6. (Optional) For **Prefix**, enter any prefix to limit the Lambda function's scope to only the specified prefix. For example, to limit the scope to only
the `input/` folder within the S3 bucket, enter `input/`.

<Warning>
AWS does not recommend reading from and writing to the same S3 bucket because of the possibility of accidentally running Lambda functions in loops.
However, if you must read from and write to the same S3 bucket, AWS strongly recommends specifying a **Prefix** value. [Learn more](https://docs.aws.amazon.com/lambda/latest/dg/with-s3.html).
</Warning>

7. (Optional) For **Suffix**, enter any file extensions to limit the Lambda function's scope to only the specified file extensions.

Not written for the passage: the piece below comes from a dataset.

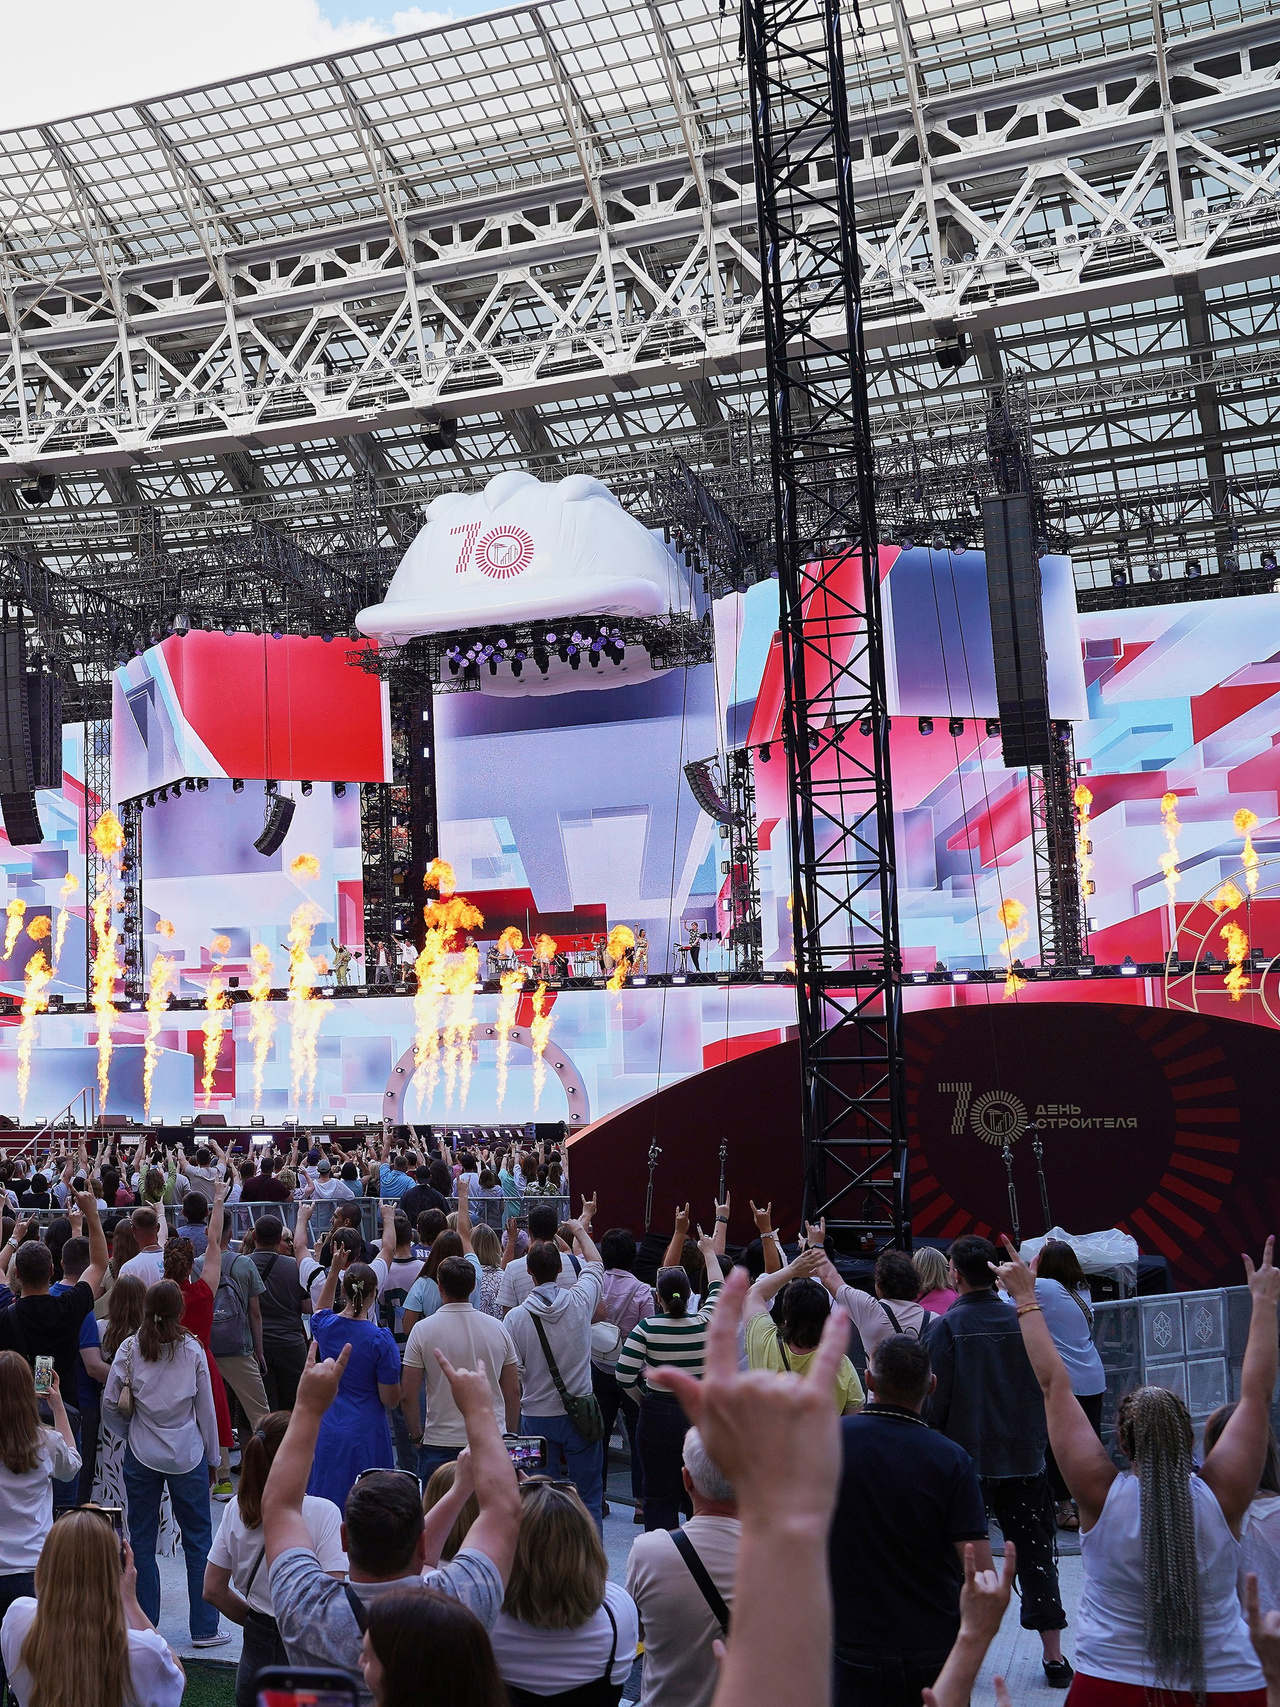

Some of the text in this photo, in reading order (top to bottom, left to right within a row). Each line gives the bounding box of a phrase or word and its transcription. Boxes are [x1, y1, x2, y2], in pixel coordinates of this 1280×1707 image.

[938, 1082, 1029, 1146] 70
[1035, 1104, 1082, 1115] ДЕНЬ
[1035, 1118, 1138, 1129] СТРОИТЕЛЯ

For example, to limit the scope to only
files with the `.pdf` extension, enter `.pdf`.
8. In the **Event types** tile, check the box titled **All object create events (s3:ObjectCreated:\*)**.
9. In the **Destination** tile, select **Lambda function** and **Choose from your Lambda functions**.
10. In the **Lambda function** tile, select the Lambda function that you created earlier in Step 1.
11. Click **Save changes**.

## Step 4: Trigger the function

1. With the S3 bucket's settings page open from the previous step, click the **Objects** tab.
2. If you specified a **Prefix** value earlier in Step 3, then click to open the folder that corresponds to your **Prefix** value.
3. Click **Upload**, and then follow the on-screen instructions to upload a file to the bucket's root. If, however, you clicked to open the folder that corresponds to your **Prefix** value instead, then follow the on-screen instructions to upload a file to that folder instead.

## Step 5: View the trigger results

1. In the Unstructured user interface for your account, click **Jobs** on the sidebar.
2. In the list of jobs, click the newly running job for your workflow.
3. After the job status shows **Finished**, go to your destination location to see the results.

## Step 6 (Optional): Delete the trigger

1. To stop the function from automatically being triggered whenever you add new files to&mdash;or update existing files within&mdash;the S3 bucket, browse to and open the S3 console.
2. Browse to and open the bucket that corresponds to your S3 source connector. The bucket's settings page appears.
3. Click the **Properties** tab.
4. In the **Event notifications** tile, check the box next to the name of the event notification that you added earlier in Step 3.
5. Click **Delete**, and then click **Confirm**.